**Try it:**
The data below should be copied out exactly, with its pictures omitted.

■ ■ ■

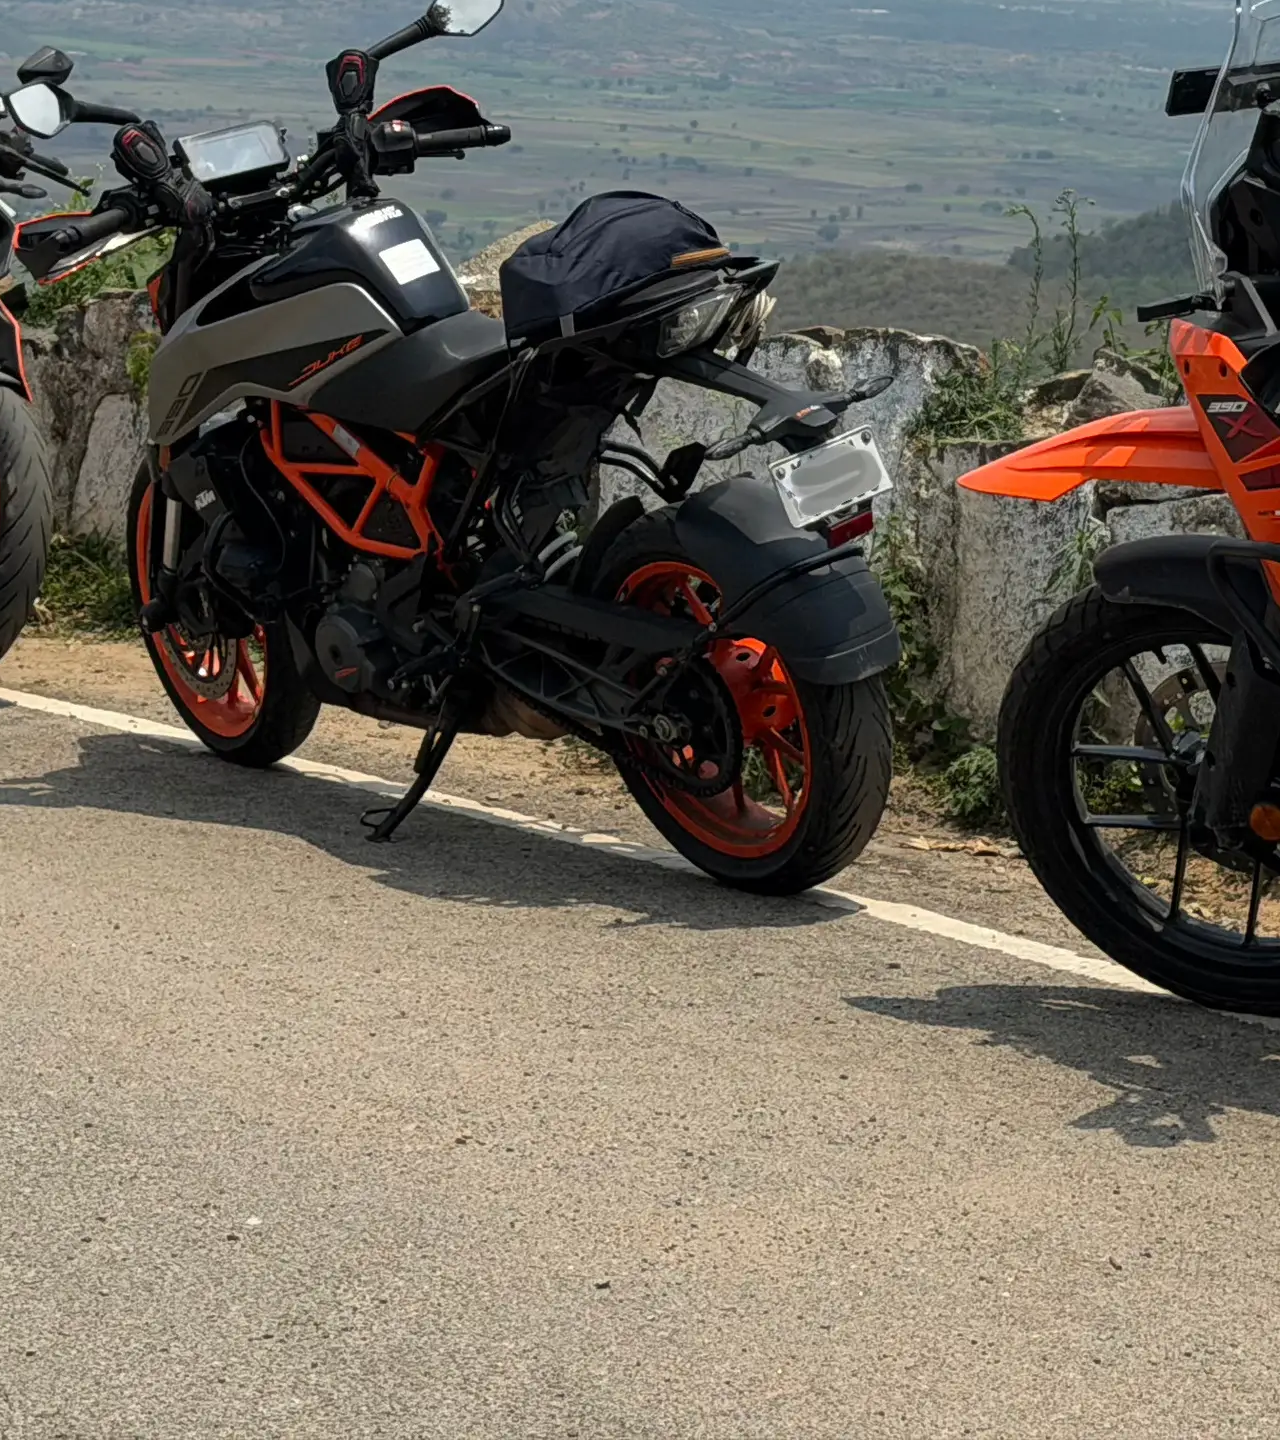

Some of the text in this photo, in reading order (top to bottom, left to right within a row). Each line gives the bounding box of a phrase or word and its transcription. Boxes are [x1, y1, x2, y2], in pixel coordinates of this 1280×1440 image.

[291, 335, 363, 384] DUKE
[1206, 401, 1249, 413] 390
[1217, 412, 1262, 439] X
[194, 490, 216, 511] KTM

■ ■ ■

**Completed exercise:**
Some of the text in this photo, in reading order (top to bottom, left to right within a row). Each line gives the bounding box of a phrase or word and its transcription. Boxes are [x1, y1, x2, y2], in pixel coordinates of this 1280×1440 image.

[291, 335, 363, 384] DUKE
[1206, 401, 1249, 413] 390
[1217, 412, 1262, 439] X
[194, 490, 216, 511] KTM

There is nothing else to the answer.